33 years is a long time to wait for a team to return to the Super Bowl, but Bengals fans are nothing if not patient. Making it through those 33 years meant living through the Dave Shula era, a lost Divisional game in 1991, seven lost Wild Card games, and the Carson Palmer knee injury at the hands of the hated Pittsburgh Steelers that fittingly sounded like a gunshot.

The Bengals had everything they needed to beat the Rams in Super Bowl LVI: a defense that played lights out football throughout the playoffs, an electric receiver in Rookie of the Year Ja’Marr Chase, and of course, Comeback Player of the Year Joe Burrow, whose pregame hat alone was worth at least three points.

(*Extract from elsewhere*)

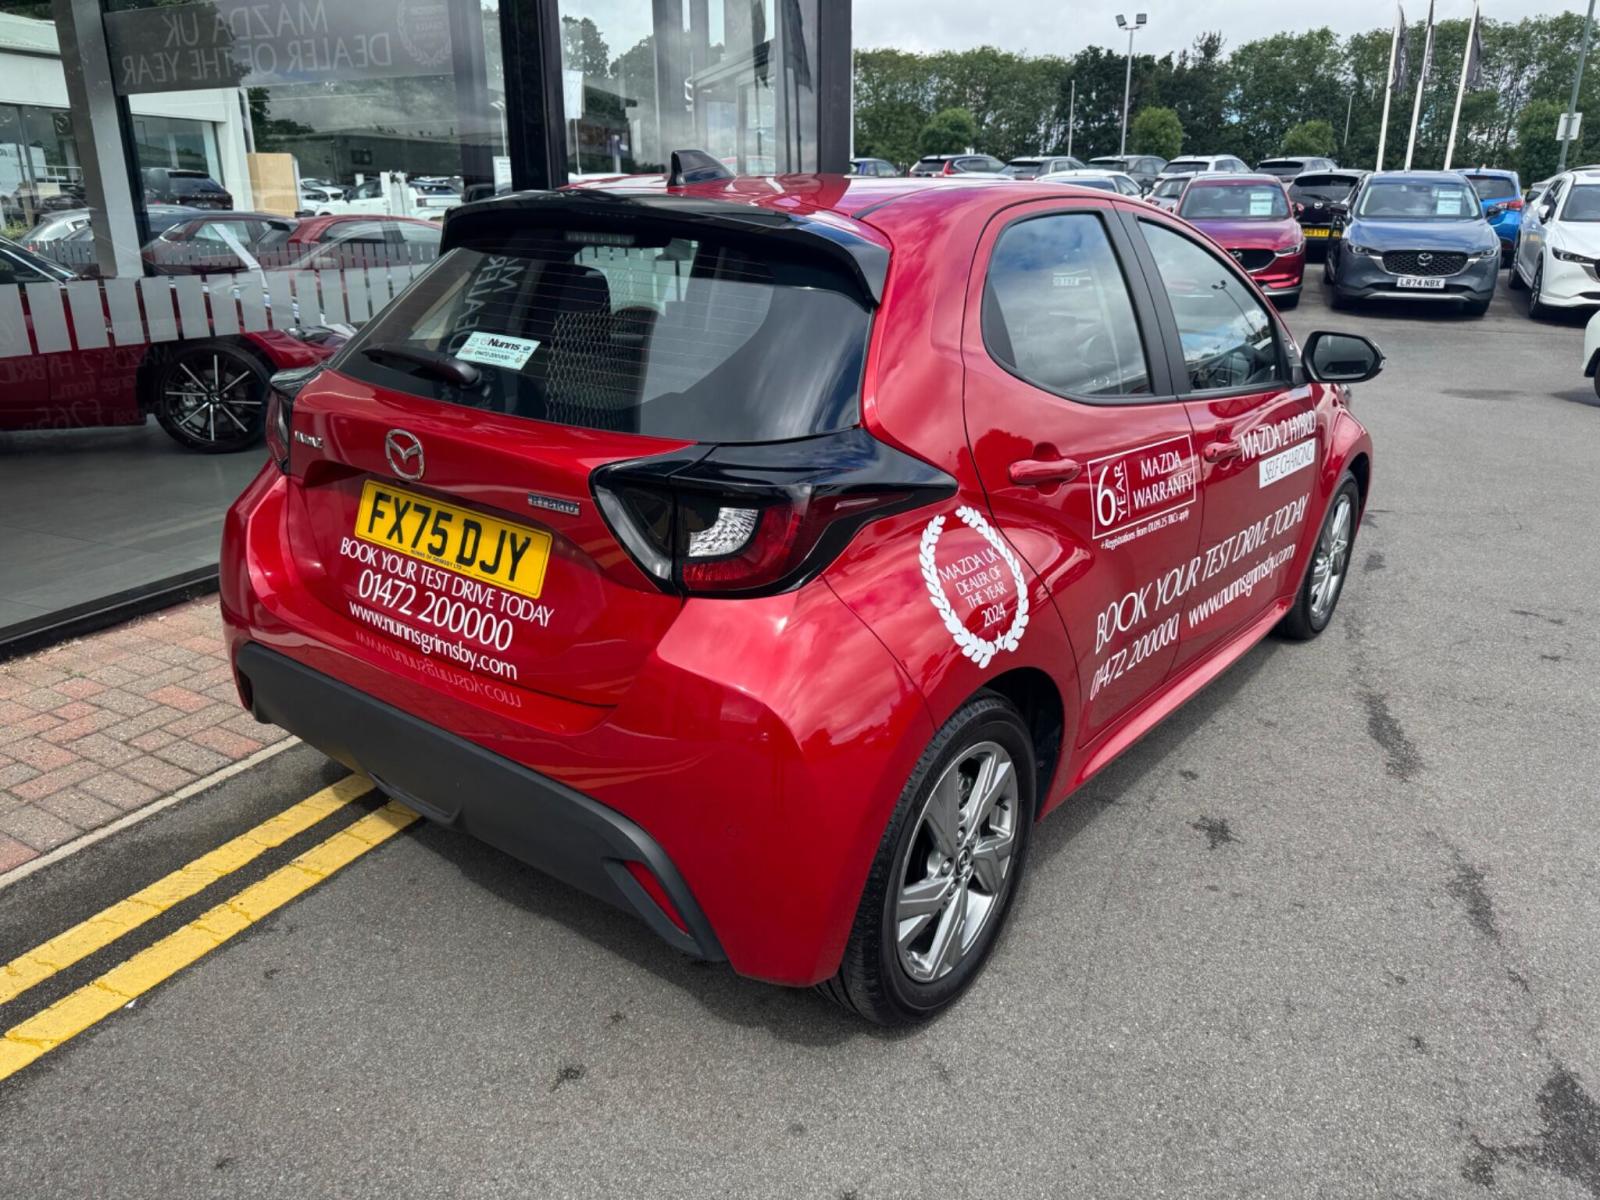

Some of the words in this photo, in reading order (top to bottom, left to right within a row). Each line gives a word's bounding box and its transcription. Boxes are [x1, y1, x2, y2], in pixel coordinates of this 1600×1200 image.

Steal this look, Bengals fans

They also had something far more difficult to measure: the support of the football world. Everyone, it seems, was a Bengals fan last night. Nobody, save for possibly the Hollywood elite, were pulling for the Rams.

In the end, the Bengals’ Achilles heel was precisely what every talking head in America warned them about about when they passed on choosing a left tackle in the first round of the 2021 NFL draft, an offensive line that couldn’t seem to keep Burrow from repeatedly getting bent in half, including one sack early in the fourth quarter that sent him limping off the field and millions of Bengals fans to their knees in prayer.

While Burrow returned to the game seemingly unscathed, the Rams’ Super Bowl record-tying seven sacks and an officiating crew that magically found their whistles in the last two minutes of an otherwise well-called game were simply too much to overcome.

Despite the loss, the Bengals, their loyal cadre of fans, and their fast-growing Burrow-loving support network, have everything to be hopeful for. They have a young team who set the bar high and refused to believe that they didn’t deserve everything they got this year, an improving draft and free agency track record, and really good juju.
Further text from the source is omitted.